__Exercise__
Copy each of the entries below faithfully, setting aside any pictures.

__Materials provided__
- Opening Delimiter -
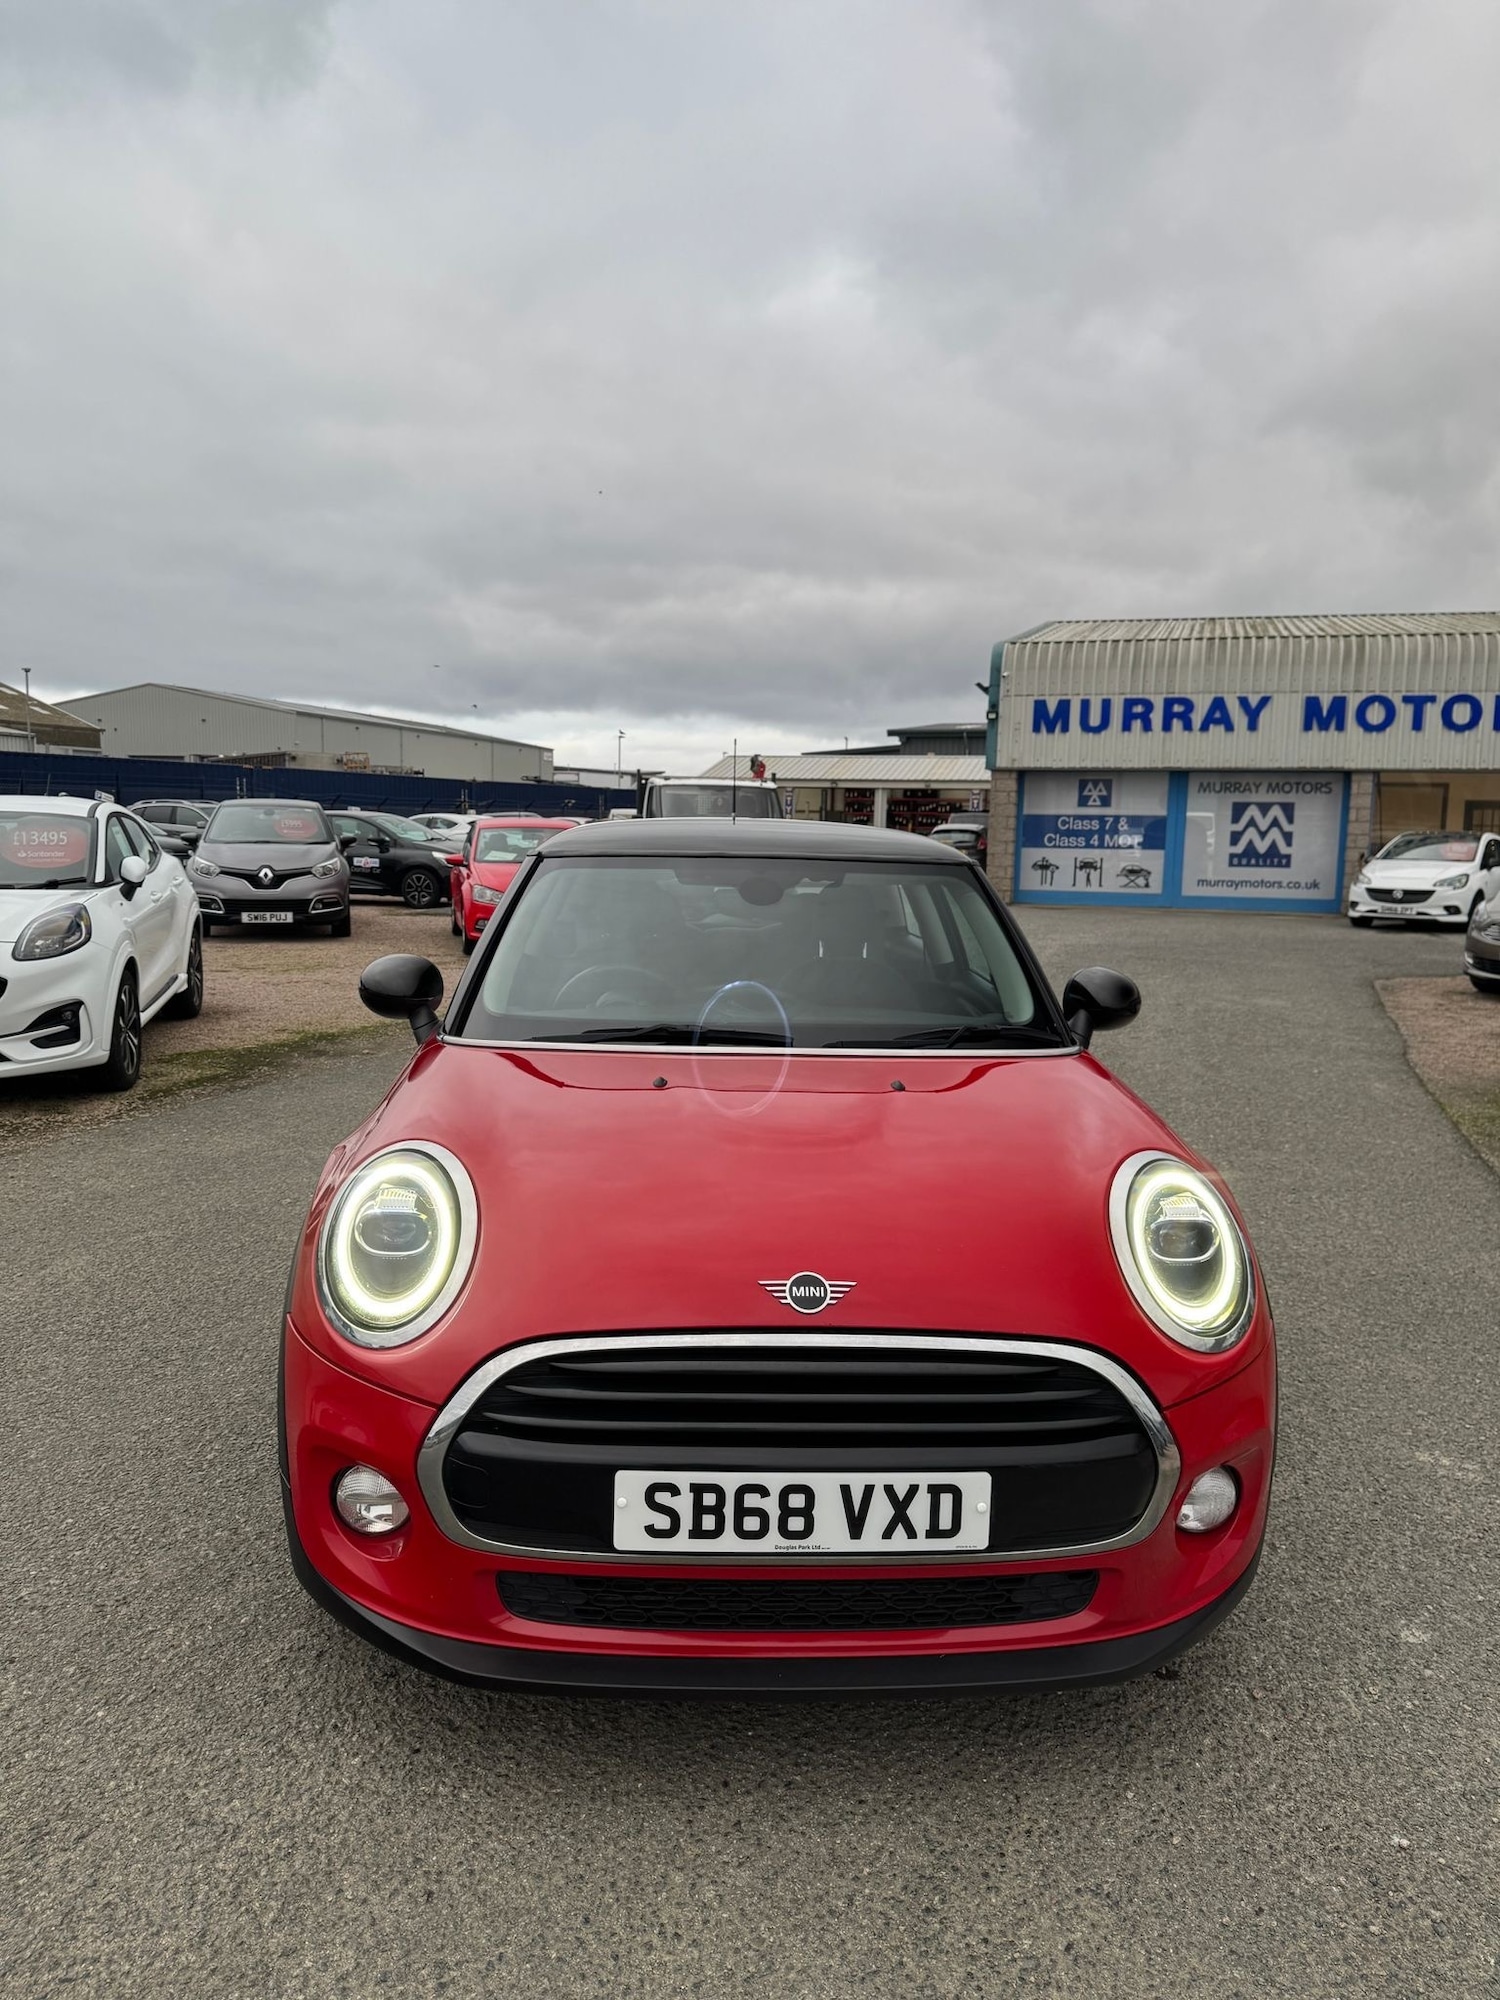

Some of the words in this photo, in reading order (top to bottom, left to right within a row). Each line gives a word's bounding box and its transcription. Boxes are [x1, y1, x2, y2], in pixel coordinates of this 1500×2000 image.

[1032, 695, 1272, 734] MURRAY
[1302, 694, 1500, 733] MOTO
[1198, 781, 1262, 794] MURRAY
[1266, 782, 1333, 795] MOTORS
[1057, 816, 1100, 830] Class
[1104, 817, 1114, 830] 7
[1118, 817, 1129, 830] &
[13, 830, 68, 846] £13495
[1044, 833, 1086, 847] Class
[1090, 834, 1099, 847] 4
[1104, 834, 1144, 848] MOT
[27, 850, 65, 858] Santander
[1232, 858, 1288, 866] QUALITY
[1197, 878, 1320, 891] murraymotors.co.uk
[247, 913, 268, 922] SW16
[270, 913, 288, 922] PUJ
[792, 1286, 825, 1297] MINI
[644, 1482, 816, 1540] SB68
[839, 1484, 963, 1540] VXD
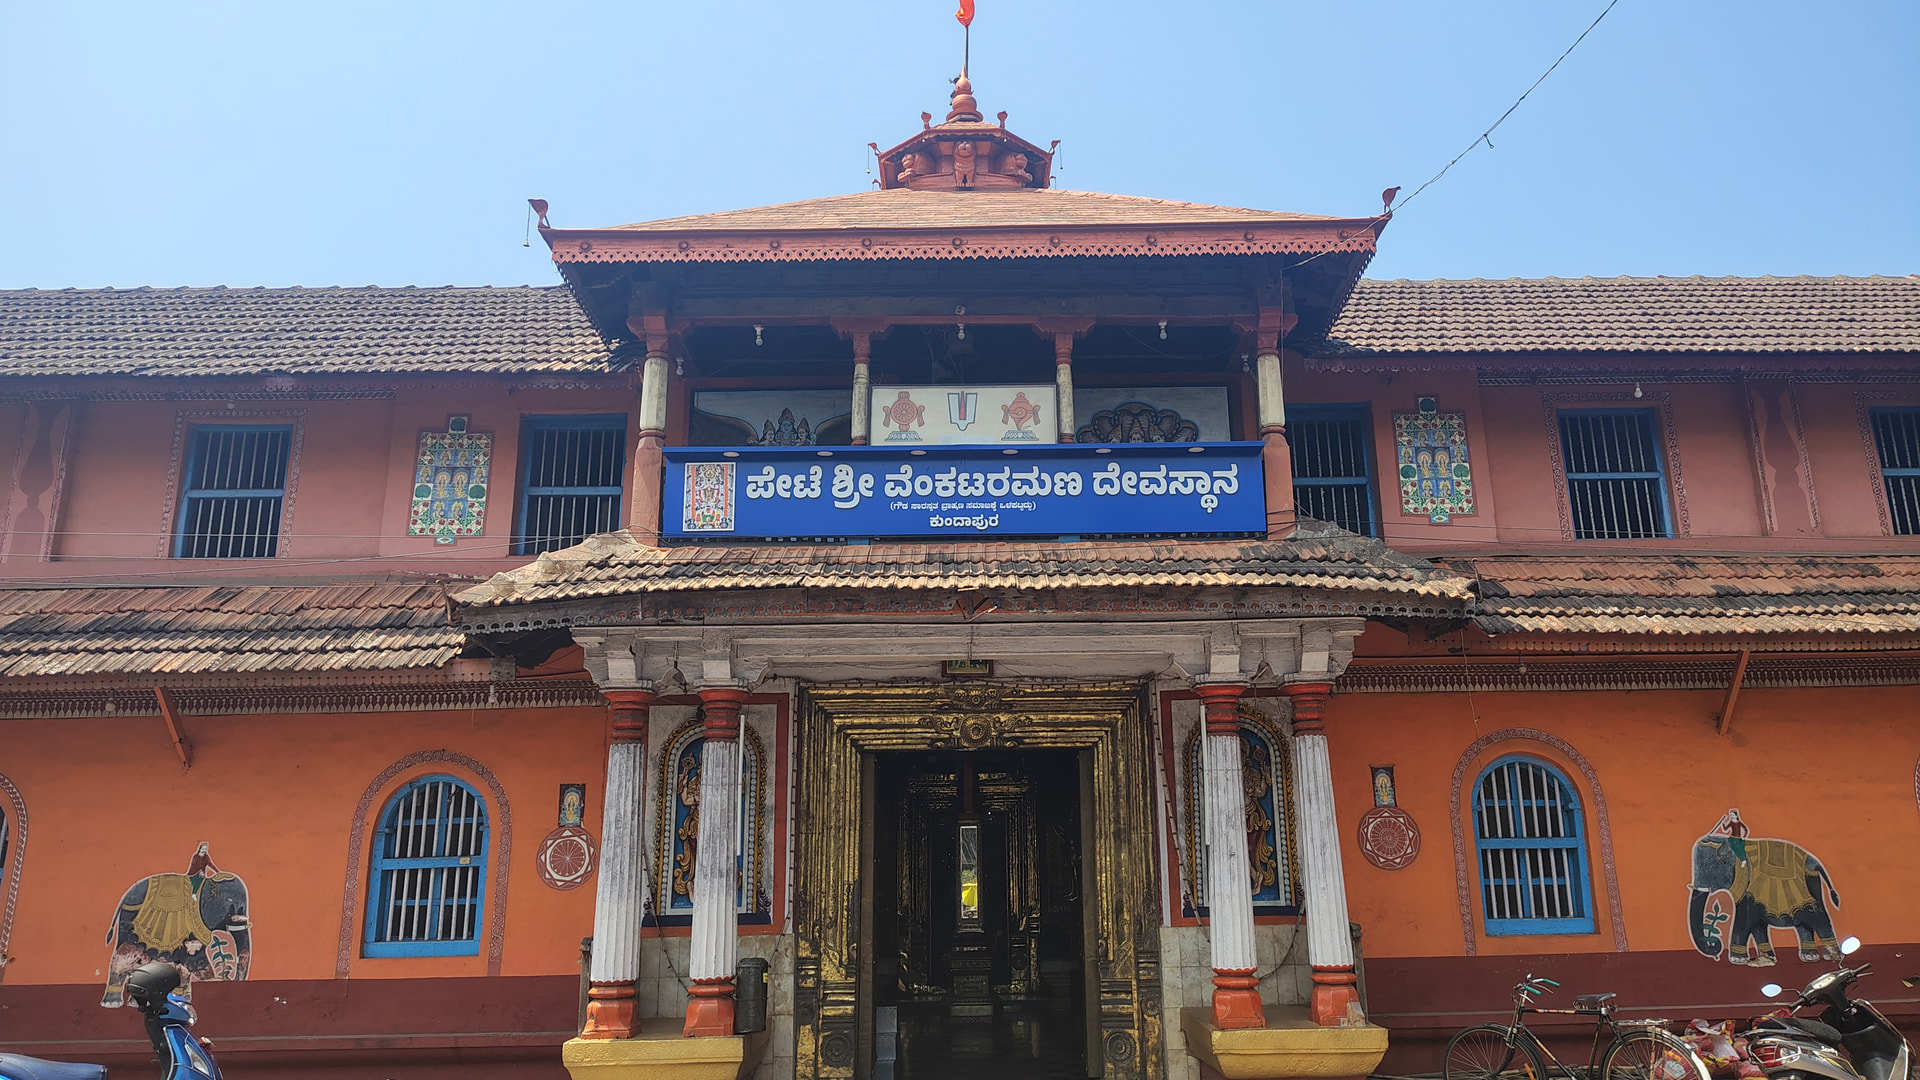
- Closing Delimiter -
__Answer space__
Some of the words in this photo, in reading order (top to bottom, left to right within a row). Each line gives a word's bounding box and its transcription. Boxes are [x1, y1, x2, y2], in pixel coordinates of this 1500×2000 image.

[1032, 695, 1272, 734] MURRAY
[1302, 694, 1500, 733] MOTO
[1198, 781, 1262, 794] MURRAY
[1266, 782, 1333, 795] MOTORS
[1057, 816, 1100, 830] Class
[1104, 817, 1114, 830] 7
[1118, 817, 1129, 830] &
[13, 830, 68, 846] £13495
[1044, 833, 1086, 847] Class
[1090, 834, 1099, 847] 4
[1104, 834, 1144, 848] MOT
[27, 850, 65, 858] Santander
[1232, 858, 1288, 866] QUALITY
[1197, 878, 1320, 891] murraymotors.co.uk
[247, 913, 268, 922] SW16
[270, 913, 288, 922] PUJ
[792, 1286, 825, 1297] MINI
[644, 1482, 816, 1540] SB68
[839, 1484, 963, 1540] VXD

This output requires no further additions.